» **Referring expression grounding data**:
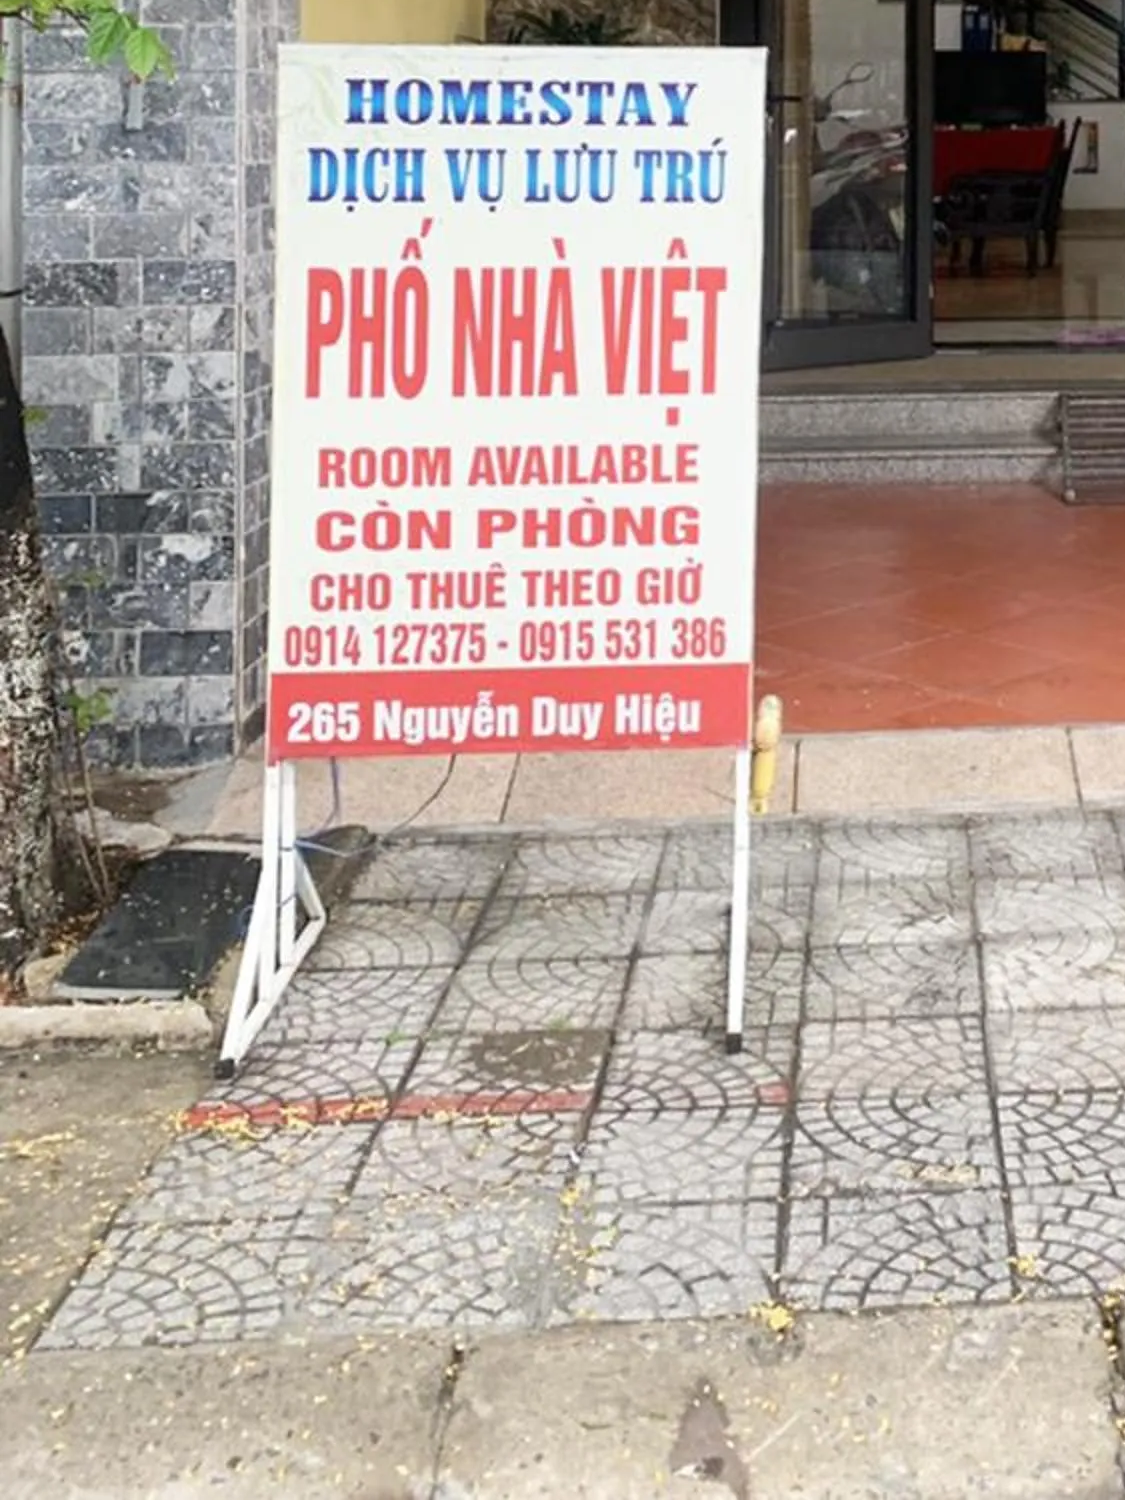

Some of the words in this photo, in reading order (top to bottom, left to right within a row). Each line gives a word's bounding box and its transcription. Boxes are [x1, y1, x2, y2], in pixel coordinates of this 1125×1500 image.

[345, 78, 698, 127] HOMESTAY
[307, 147, 426, 213] DỊCH
[444, 148, 507, 213] VỤ
[524, 143, 617, 203] LƯU
[634, 138, 728, 204] TRÚ
[305, 217, 433, 400] PHỐ
[452, 237, 578, 398] NHÀ
[600, 238, 728, 426] VIỆT
[318, 447, 452, 489] ROOM
[467, 443, 699, 486] AVAILABLE
[315, 500, 452, 552] CÒN
[476, 498, 700, 549] PHÒNG
[309, 573, 393, 612] CHO
[406, 562, 507, 610] THUÊ
[521, 568, 622, 607] THEO
[636, 558, 703, 605] GIỜ
[284, 625, 361, 668] 0914
[373, 623, 487, 666] 127375
[519, 621, 595, 663] 0915
[605, 619, 657, 661] 531
[671, 617, 727, 659] 386
[287, 701, 361, 743] 265
[373, 691, 519, 745] Nguyễn
[531, 696, 604, 741] Duy
[614, 692, 702, 742] Hiệu
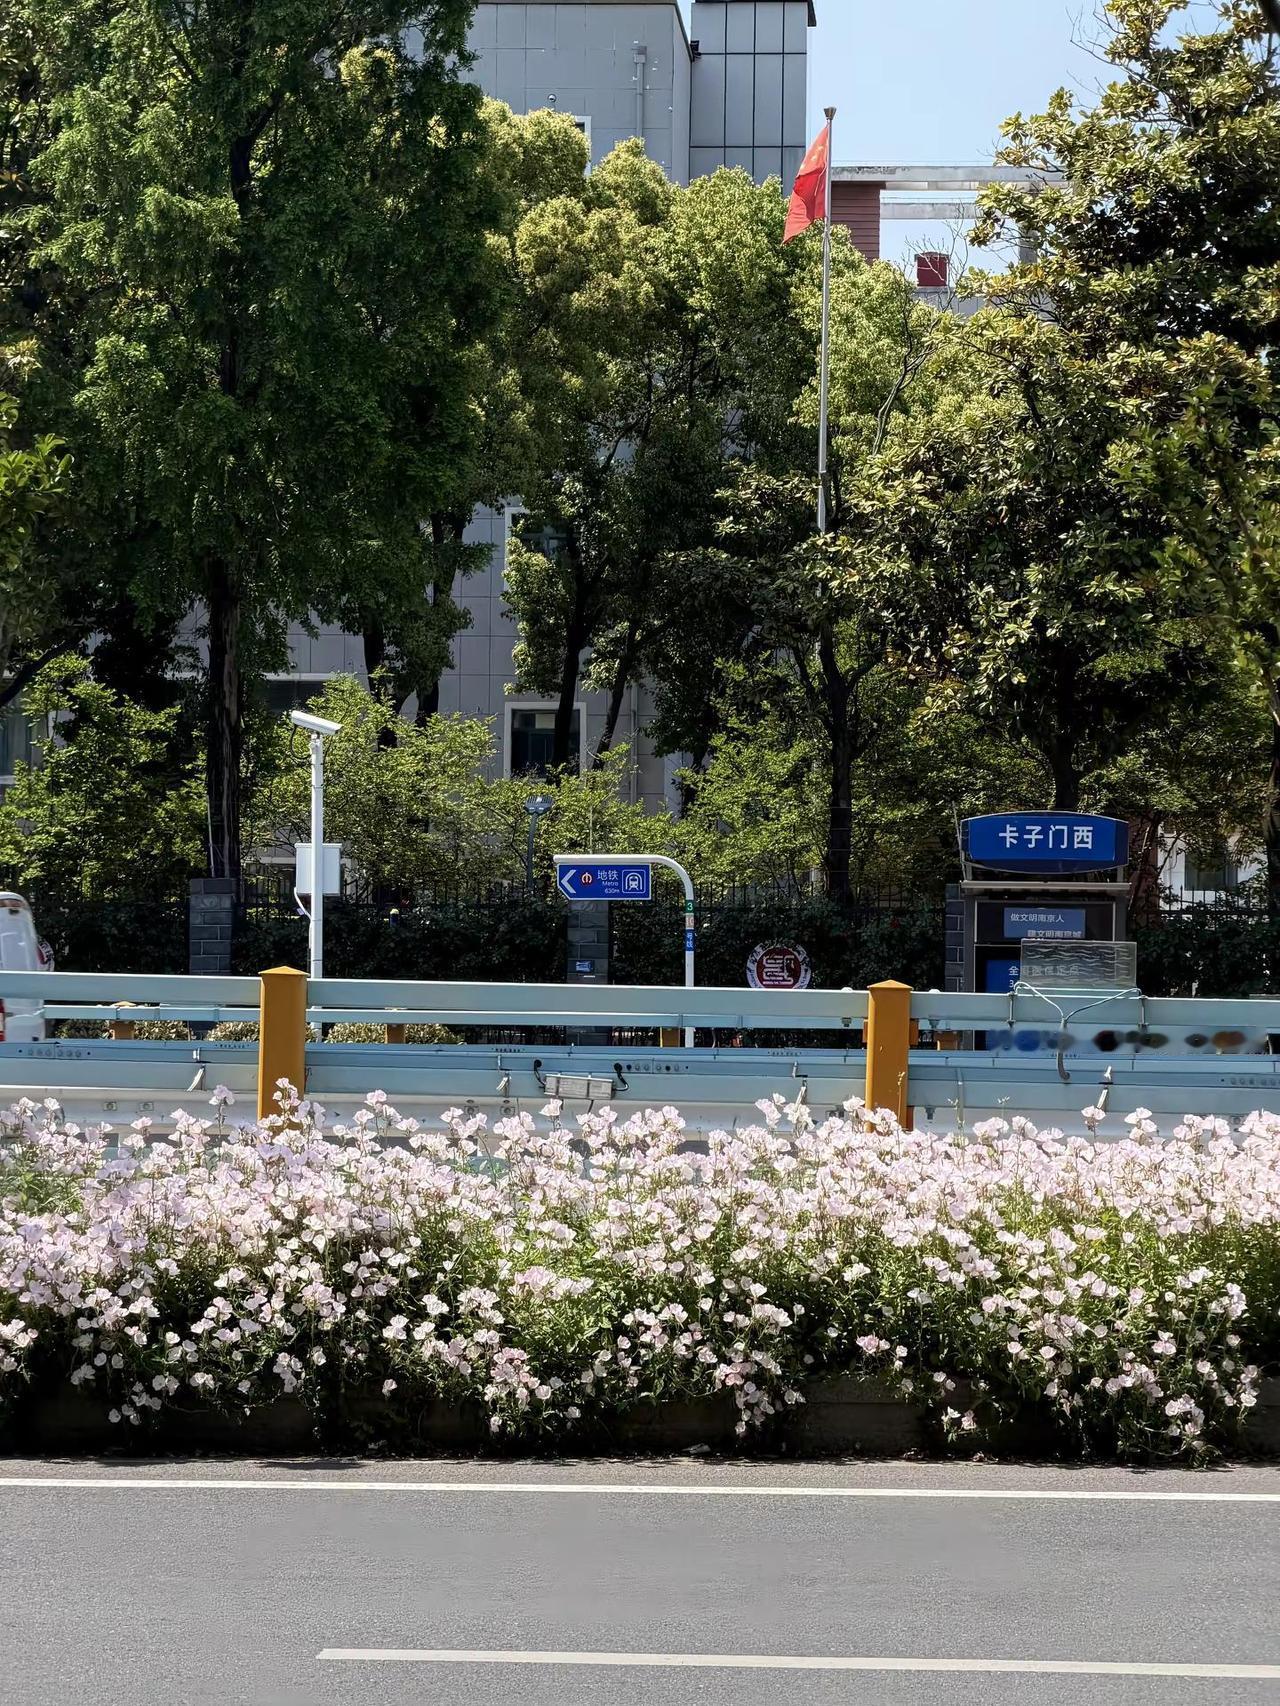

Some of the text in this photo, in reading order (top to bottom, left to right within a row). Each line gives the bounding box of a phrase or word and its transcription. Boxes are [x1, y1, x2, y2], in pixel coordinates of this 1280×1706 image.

[998, 824, 1094, 849] 卡子门西
[596, 870, 619, 880] 地铁
[687, 902, 694, 911] 3
[1010, 913, 1065, 923] 做文明南京人
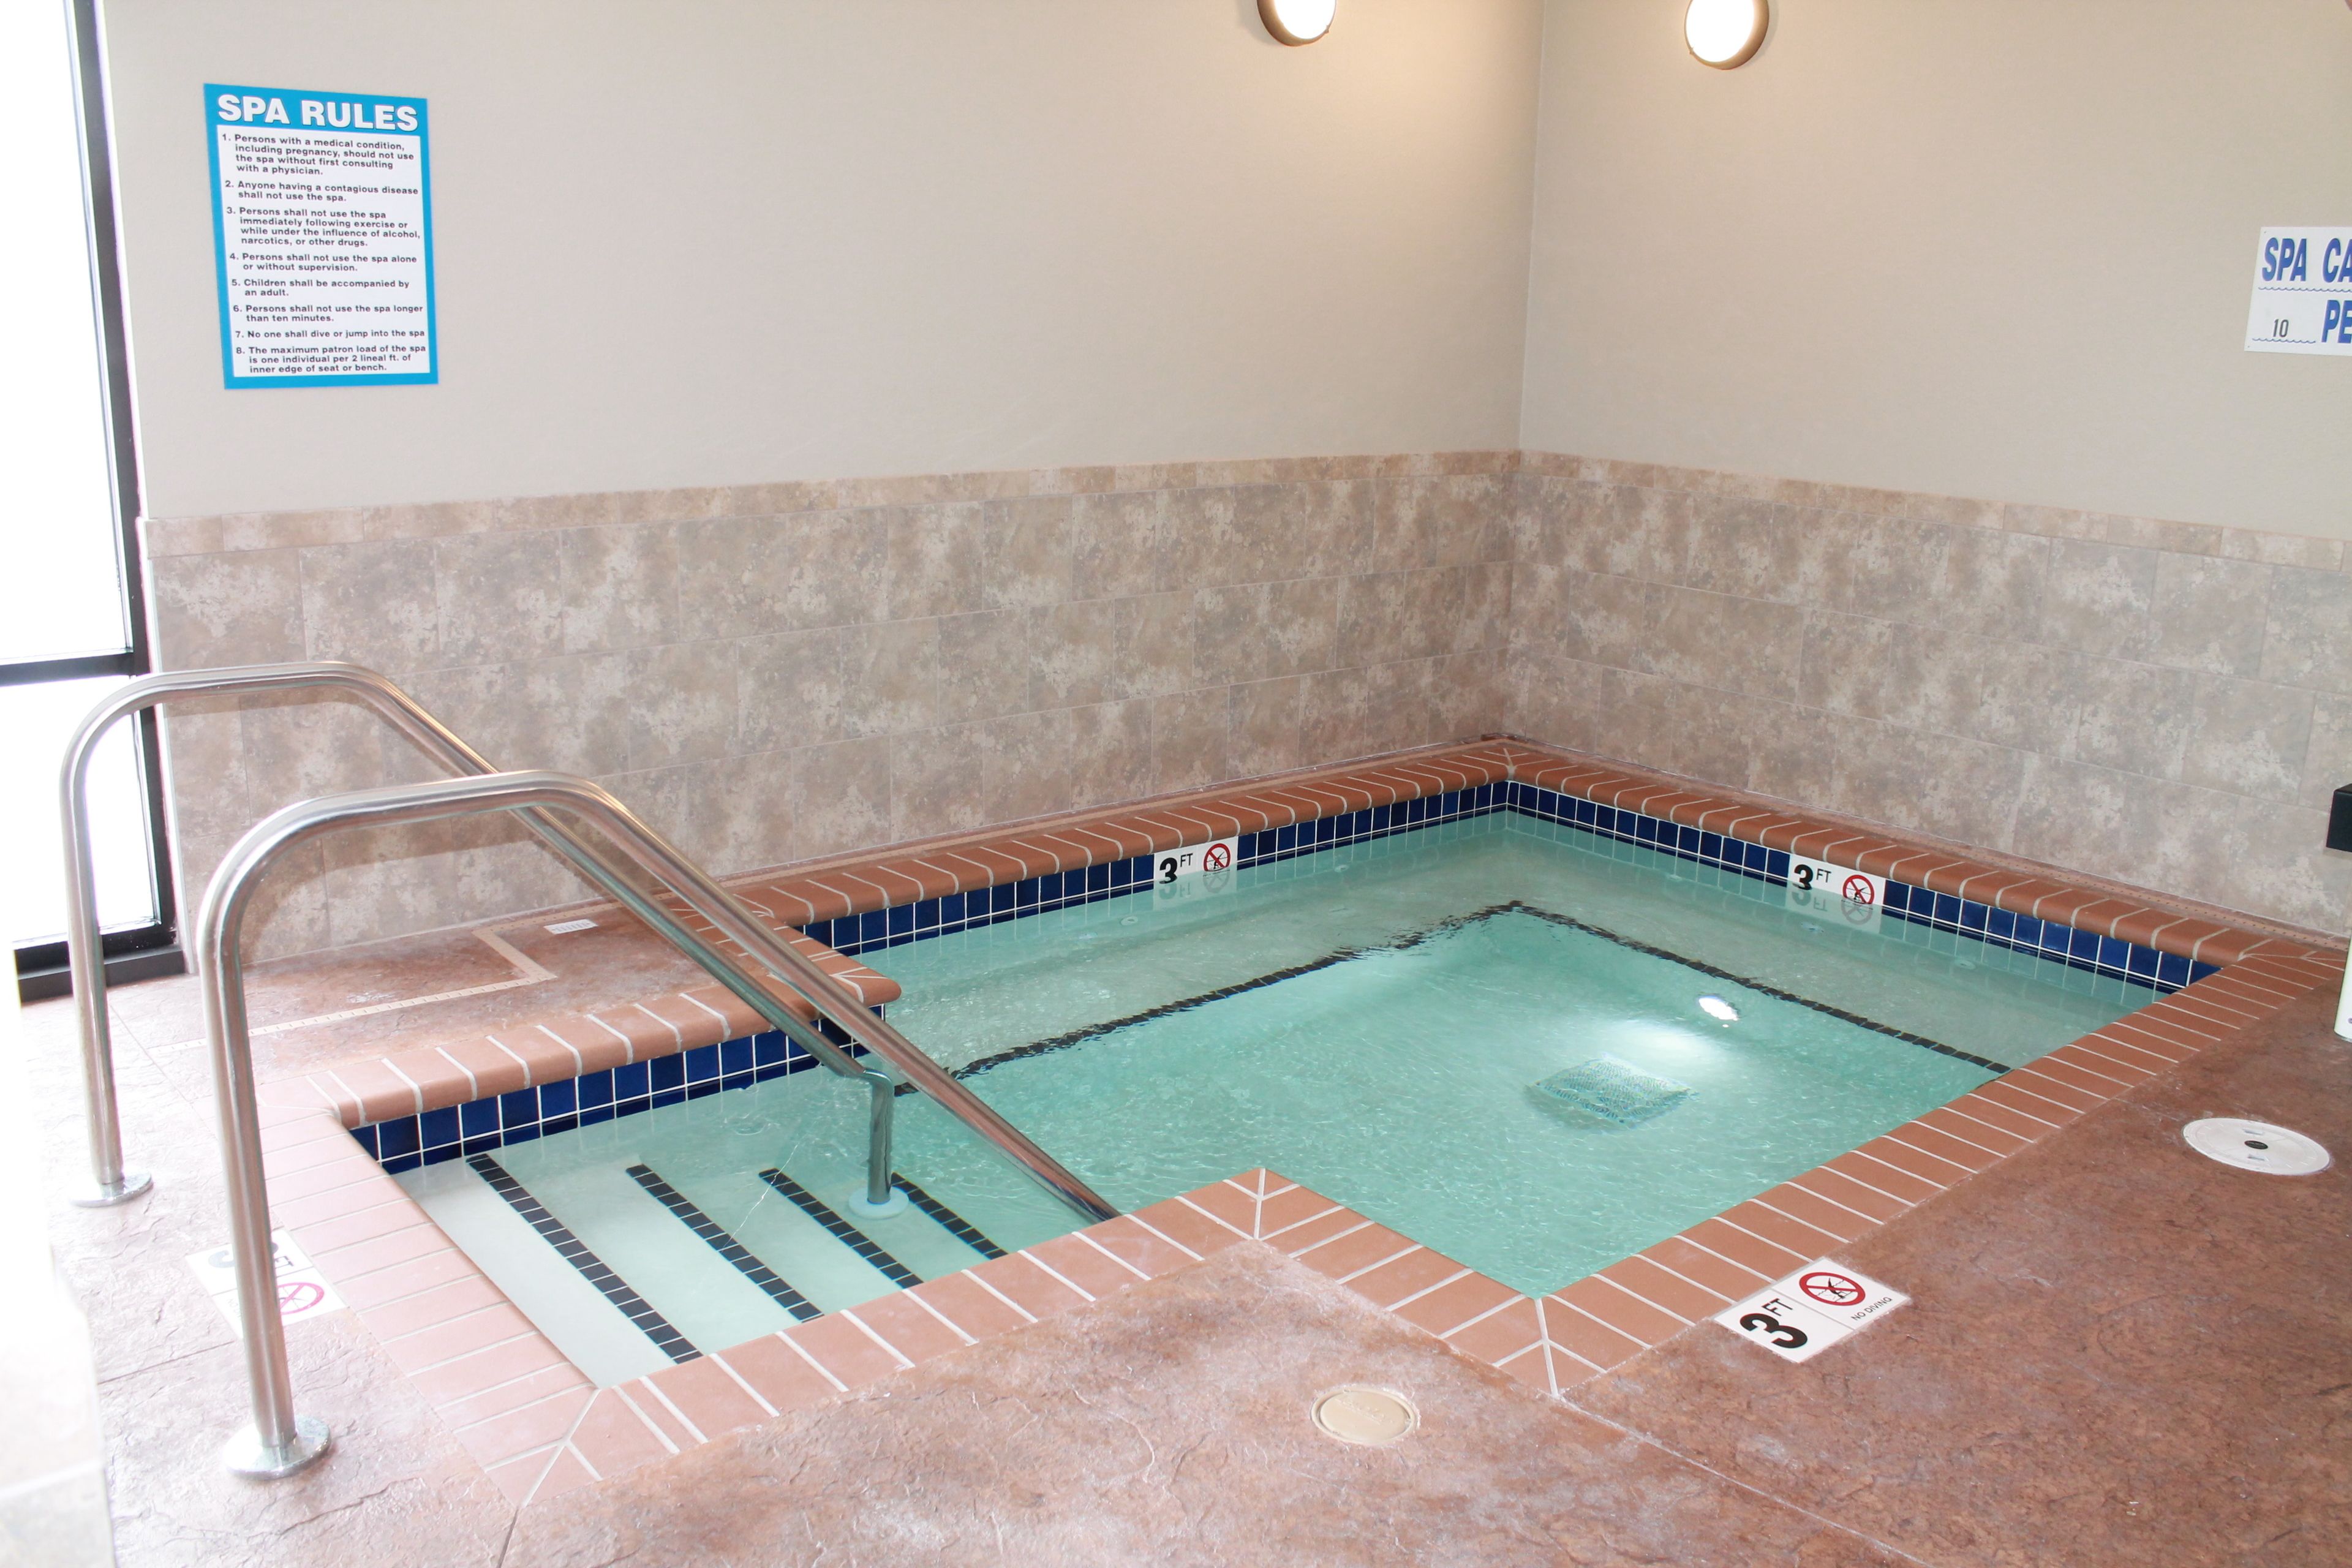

» **WHAT TO WORK ON**:
Retype the data shown above exactly, excluding any picture it contains.

» **REPLY**:
Some of the words in this photo, in reading order (top to bottom, left to right within a row). Each line gives a word's bounding box and its transcription. Boxes are [x1, y1, x2, y2], in pixel coordinates of this 1125×1500 image.

[345, 78, 698, 127] HOMESTAY
[307, 147, 426, 213] DỊCH
[444, 148, 507, 213] VỤ
[524, 143, 617, 203] LƯU
[634, 138, 728, 204] TRÚ
[305, 217, 433, 400] PHỐ
[452, 237, 578, 398] NHÀ
[600, 238, 728, 426] VIỆT
[318, 447, 452, 489] ROOM
[467, 443, 699, 486] AVAILABLE
[315, 500, 452, 552] CÒN
[476, 498, 700, 549] PHÒNG
[309, 573, 393, 612] CHO
[406, 562, 507, 610] THUÊ
[521, 568, 622, 607] THEO
[636, 558, 703, 605] GIỜ
[284, 625, 361, 668] 0914
[373, 623, 487, 666] 127375
[519, 621, 595, 663] 0915
[605, 619, 657, 661] 531
[671, 617, 727, 659] 386
[287, 701, 361, 743] 265
[373, 691, 519, 745] Nguyễn
[531, 696, 604, 741] Duy
[614, 692, 702, 742] Hiệu

Some of the text in this photo, in reading order (top to bottom, left to right within a row). Each line gives the bounding box of a phrase or word and its transcription. Boxes are [x1, y1, x2, y2], in pixel coordinates of this 1280×1706 image.

[998, 824, 1094, 849] 卡子门西
[596, 870, 619, 880] 地铁
[687, 902, 694, 911] 3
[1010, 913, 1065, 923] 做文明南京人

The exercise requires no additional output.